* _About this task_
The answer must reproduce every record exactly, with all pictures omitted.

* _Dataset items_
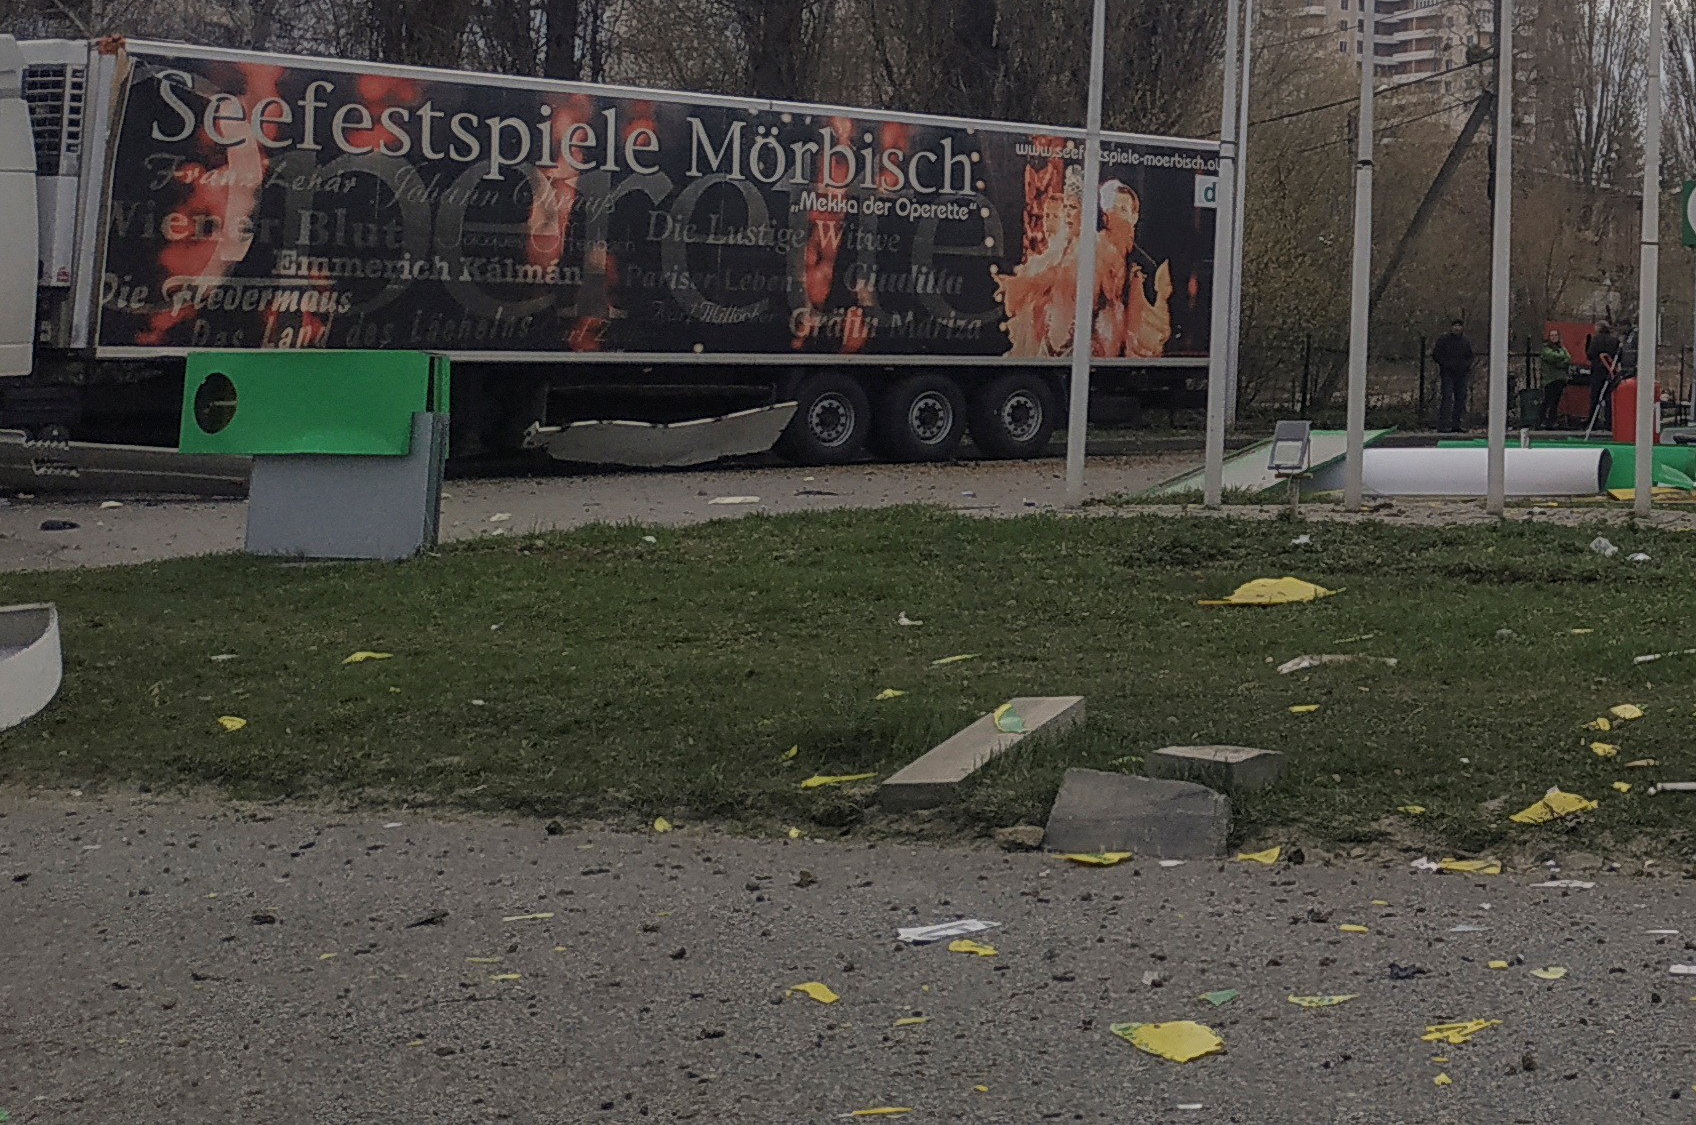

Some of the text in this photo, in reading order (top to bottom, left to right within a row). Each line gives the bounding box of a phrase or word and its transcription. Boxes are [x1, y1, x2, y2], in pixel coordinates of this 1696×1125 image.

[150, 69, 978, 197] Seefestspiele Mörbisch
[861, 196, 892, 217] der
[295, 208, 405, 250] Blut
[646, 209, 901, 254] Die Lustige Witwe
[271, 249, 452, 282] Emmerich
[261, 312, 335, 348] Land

* _Output_
Some of the text in this photo, in reading order (top to bottom, left to right within a row). Each line gives the bounding box of a phrase or word and its transcription. Boxes are [x1, y1, x2, y2], in pixel coordinates of this 1696×1125 image.

[150, 69, 978, 197] Seefestspiele Mörbisch
[861, 196, 892, 217] der
[295, 208, 405, 250] Blut
[646, 209, 901, 254] Die Lustige Witwe
[271, 249, 452, 282] Emmerich
[261, 312, 335, 348] Land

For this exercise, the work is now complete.